Caro direttore, pochi sanno, non vorrei rivelare qualcosa di estremamente riservato, che Oscar Giannino è iscritto al partito repubblicano, anzi fa parte degli organi dirigenti di questo partito. Tutti invece sanno che recentemente, con altri economisti, ha pubblicato un Manifesto di scuola liberista che ha suscitato negli ambienti politici un certo interesse. Tra i primi politici a interessarsi al manifesto, da indiscrezioni giornalistiche, sembra sia stato il segretario della Lega Nord onorevole Maroni.
Questi non ha una grande conoscenza del liberismo e della scuola di Chicago, in particolare il suo problema è quello di non cedere le numerose municipalizzate dei comuni brianzoli amministrati dalla lega, però ha chiaro un interesse elettorale a collegarsi con Giannino per le prossime elezioni regionali dove intende presentarsi capolista in concorrenza diretta con le scarse e ormai deboli truppe del Cavaliere.
Giannino tiene, tra le altre cose, ogni mattina una rubrica molto seguita su Radio 24, la radio de “il Sole 24ore” e della Confindustria, la sua capacità espressiva e la forza delle sue argomentazioni li hanno creato una notevole popolarità. In questo senso egli appare come un Beppe Grillo coi pantaloni stirati e qualche lettura in più ma non gli mancano le urlate e le frasi a effetto. I tempi, come si sa, hanno reso queste posizioni molto popolari soprattutto nei sondaggi e tutti stanno studiando le tematiche grilliane e il suo modo di porgerle: Giannino si presterebbe al caso.

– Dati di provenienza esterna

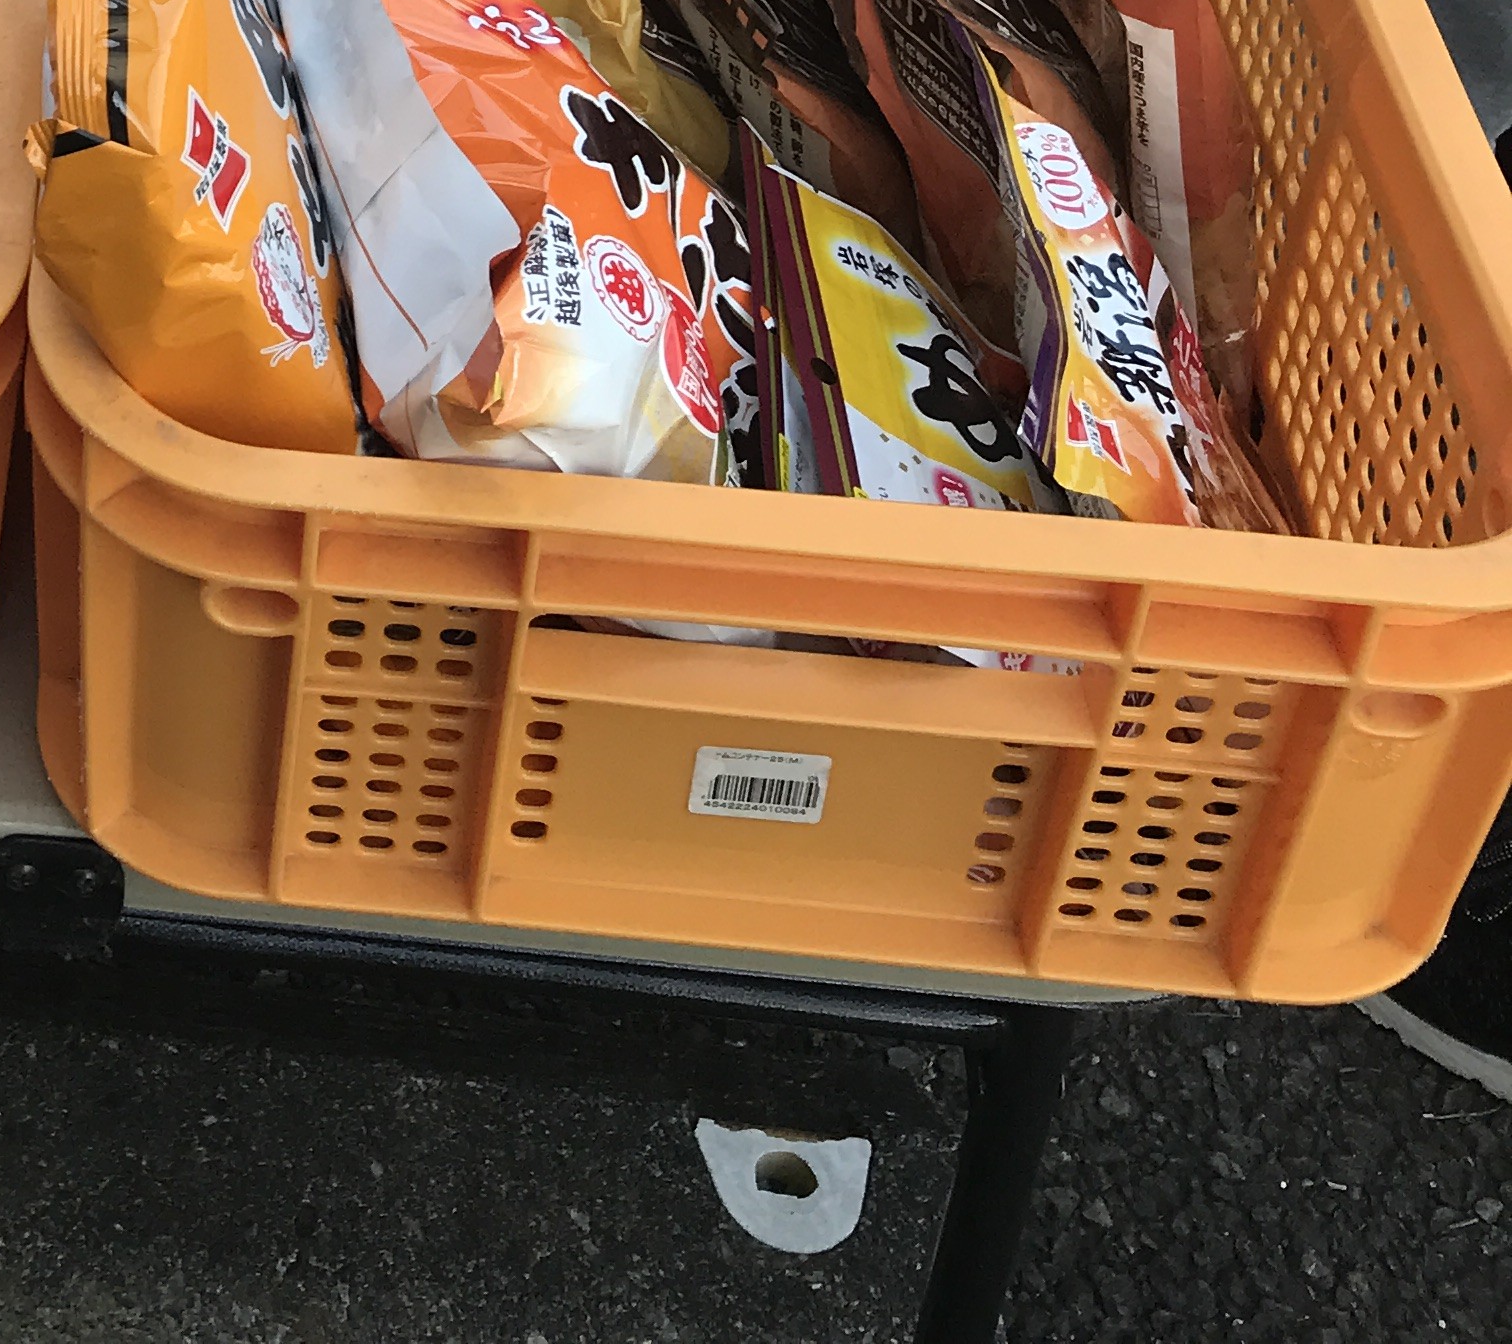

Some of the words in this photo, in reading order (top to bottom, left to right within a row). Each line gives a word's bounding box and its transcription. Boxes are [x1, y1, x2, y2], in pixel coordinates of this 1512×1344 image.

[552, 208, 582, 327] 越後製菓!
[701, 799, 807, 818] 4542224010084

Anche il Manifesto Liberista è molto generico e scontato al punto che è stato firmato da collaboratori de “la Repubblica” così come da personaggi di cultura malagodiana. Se non ci fosse quel benedetto problema delle provincie, a cui i leghisti sono maledettamente affezionati, il gioco di Maroni sarebbe già fatto. Ma Giannino e i suoi liberisti vogliono l’abolizione delle provincie, non è una cosa nuova, ci sarebbe un risparmio di circa 11 miliardi all’anno. Quanto all’abolizione del valore legale dei titoli di studio la Lega non ha problemi come si può immaginare dopo le “lauree albanesi” di alcuni suoi dirigenti.

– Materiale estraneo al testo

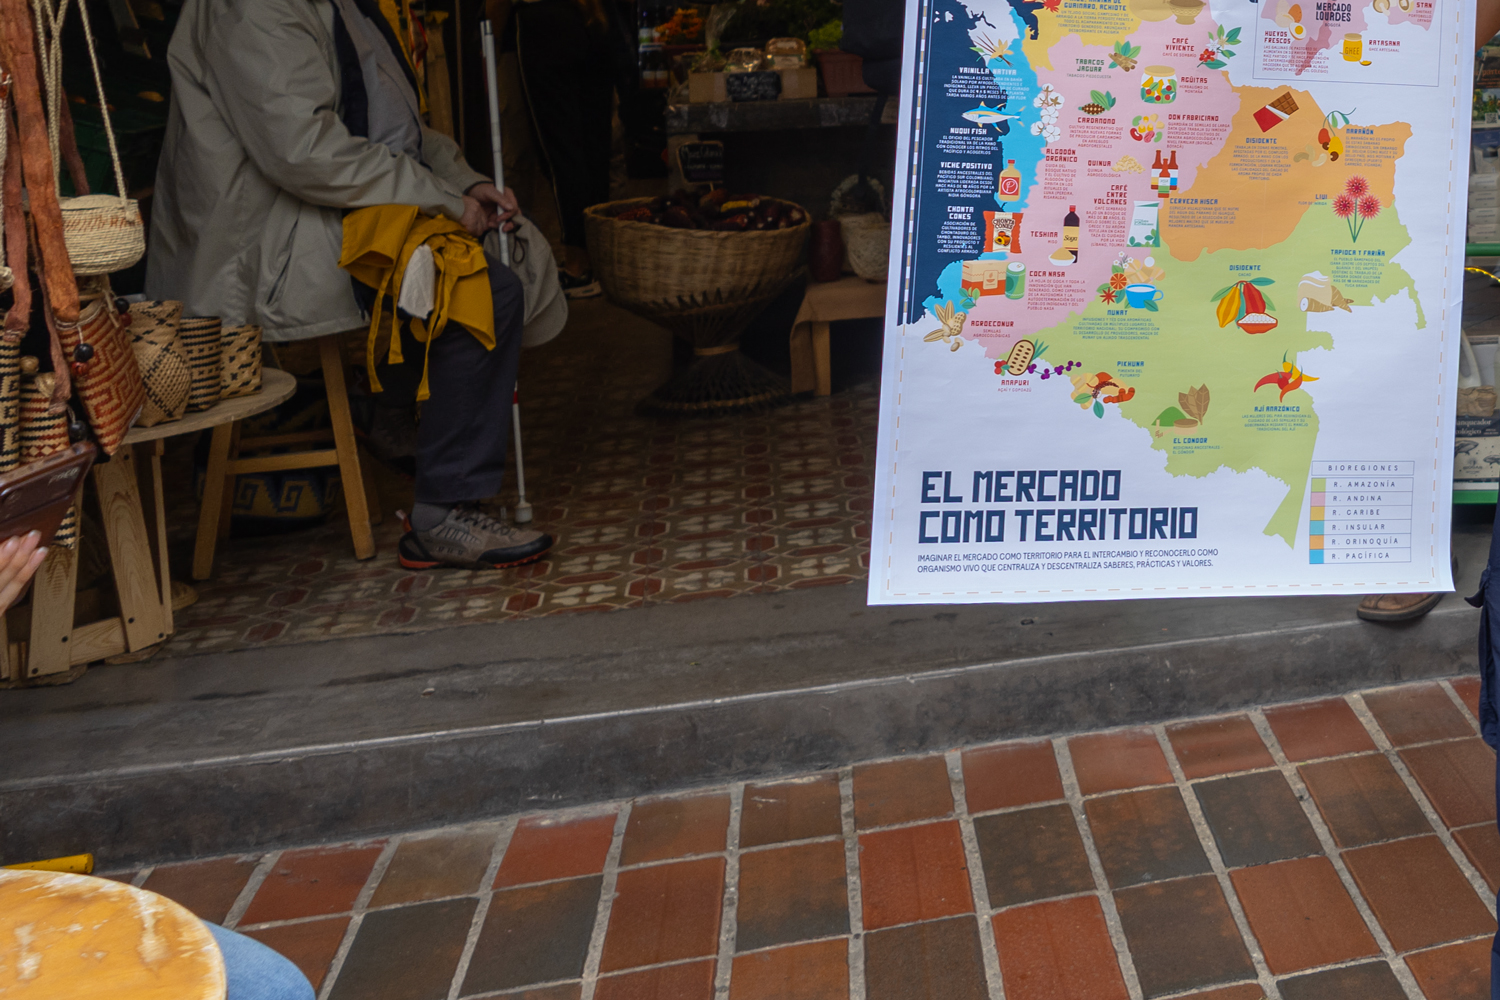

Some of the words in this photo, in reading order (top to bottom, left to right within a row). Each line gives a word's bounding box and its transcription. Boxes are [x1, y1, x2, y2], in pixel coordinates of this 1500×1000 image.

[1316, 2, 1351, 12] MERCADO
[1315, 11, 1351, 22] LOURDES
[1368, 39, 1400, 47] RATASANA
[1165, 44, 1195, 52] VIVIENTE
[1344, 46, 1360, 55] GHEE
[1075, 58, 1105, 66] TABACOS
[958, 66, 989, 75] VAINILLA
[1076, 65, 1102, 73] JAGUAR
[1180, 75, 1208, 84] AGÜITAS
[1077, 117, 1116, 125] CARDAMOMO
[1168, 113, 1181, 121] DON
[971, 127, 987, 135] FISH
[1045, 147, 1076, 155] ALGODÓN
[1045, 155, 1078, 163] ORGÁNICO
[940, 161, 960, 169] VICHE
[961, 162, 993, 170] POSITIVO
[947, 205, 974, 213] CHONTA
[1030, 230, 1058, 238] TESHIMA
[920, 470, 963, 504] EL
[971, 469, 1122, 503] MERCADO
[1347, 479, 1395, 488] AMAZONÍA
[1346, 508, 1380, 516] CARIBE
[918, 509, 1006, 544] COMO
[1014, 506, 1198, 542] TERRITORIO
[1345, 536, 1398, 545] ORINOQUÍA
[917, 552, 952, 562] IMAGINAR
[953, 552, 961, 561] EL
[962, 552, 998, 561] MERCADO
[999, 551, 1022, 561] COMO
[1023, 551, 1063, 560] TERRITORIO
[1064, 550, 1082, 560] PARA
[1083, 550, 1091, 559] EL
[1092, 550, 1137, 559] INTERCAMBIO
[1139, 549, 1144, 558] Y
[1144, 549, 1196, 558] RECONOCERLO
[1197, 548, 1219, 557] COMO
[1345, 551, 1390, 559] PACÍFICA
[917, 563, 961, 573] ORGANISMO
[962, 563, 979, 572] VIVO
[981, 563, 996, 572] QUE
[997, 562, 1040, 571] CENTRALIZA
[1041, 562, 1046, 570] Y
[1046, 561, 1102, 570] DESCENTRALIZA
[1103, 560, 1136, 570] SABERES,
[1136, 559, 1176, 569] PRÁCTICAS
[1176, 559, 1181, 568] Y
[1182, 559, 1214, 568] VALORES.

Per quel che concerne il federalismo, che sarebbe la nota ideologica sulla quale si fondano i “lumbard”, l’ultimo articolo del manifesto è assai tenue e può essere visto con il medesimo consenso sia da federalisti che da anti-federalisti. Dunque si va verso un accordo tra la scuola di Chicago e la scuola Bosina della signora Bossi? No. Il piccolo mondo antico repubblicano insorge e una parte dei repubblicani chiedono addirittura l’espulsione di Giannino. Non si deve dimenticare che i repubblicani hanno l’espulsione facile come si è visto quando hanno espulso Giorgio La Malfa di cui Giannino, in gioventù, è stato segretario, anche se non ha assorbito la sua forte cultura keynesiana anzi si è portato nelle file opposte.

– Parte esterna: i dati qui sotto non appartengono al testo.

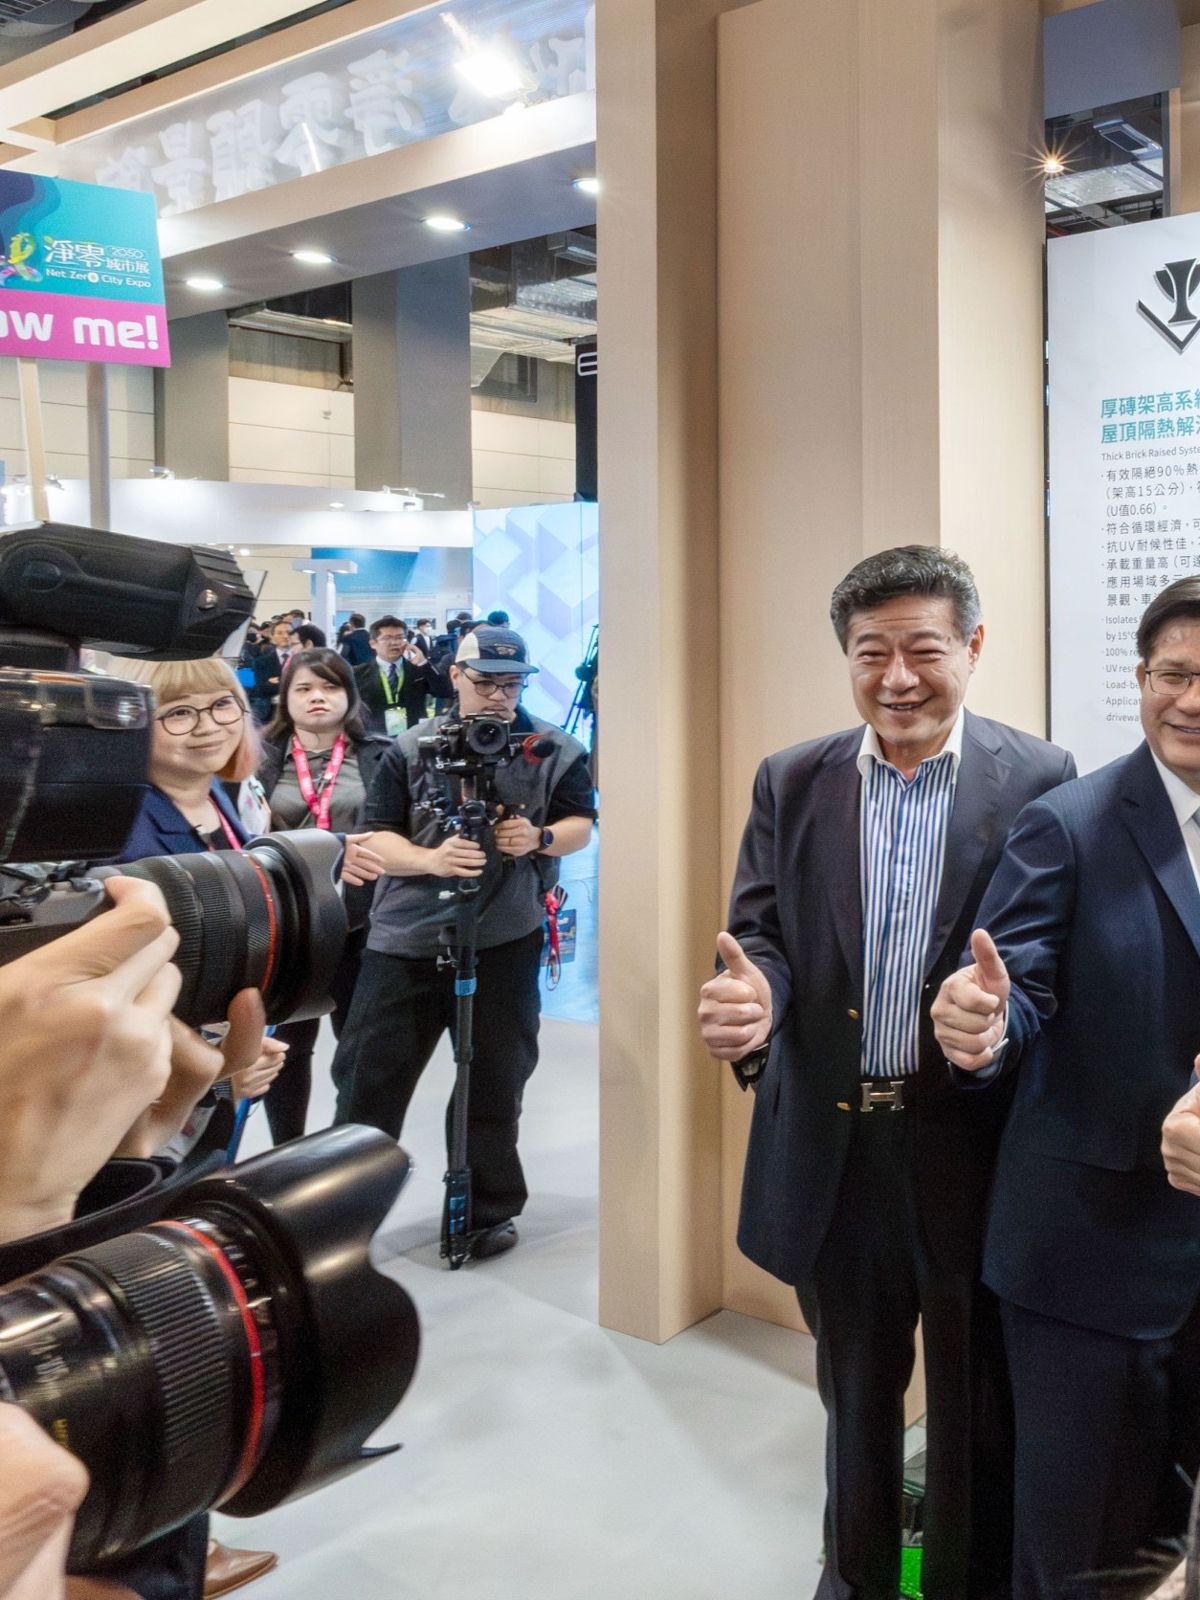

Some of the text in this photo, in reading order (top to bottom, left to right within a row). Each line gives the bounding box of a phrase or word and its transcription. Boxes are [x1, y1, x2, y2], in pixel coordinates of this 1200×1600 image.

[43, 240, 105, 267] 淨零
[46, 268, 67, 278] Net
[101, 274, 123, 285] City
[126, 278, 152, 288] Expo
[73, 315, 159, 350] me!
[1101, 451, 1124, 462] Thick
[1125, 449, 1147, 460] Brick
[1148, 445, 1177, 458] Raised
[1105, 615, 1138, 625] Isolates
[1105, 631, 1116, 642] by
[1105, 647, 1128, 657] 100%
[1105, 664, 1118, 673] UV
[1105, 712, 1140, 722] drivewa

Oscar Giannino si dichiara ancora legato alla cultura repubblicana, anche se si pone in questo caso un problema d’incompatibilità con la subcultura leghista qualunquista e anti-risorgimentale. I pochissimi residuati repubblicani sono già divisi e una parte non esiterebbe a tradire il proprio passato per recuperare qualche seggio, del resto questo avevano fatto anche con Berlusconi. Aimè, povero barone von Hayek, noi lo ricordiamo in certe foto degli anni ‘20 con i suoi pantaloni alla zuava sulle alpi austriache insieme a Popper. Non pensavamo di doverlo ritrovare a fianco di Bossi, Maroni e Nucara. Giannino per favore.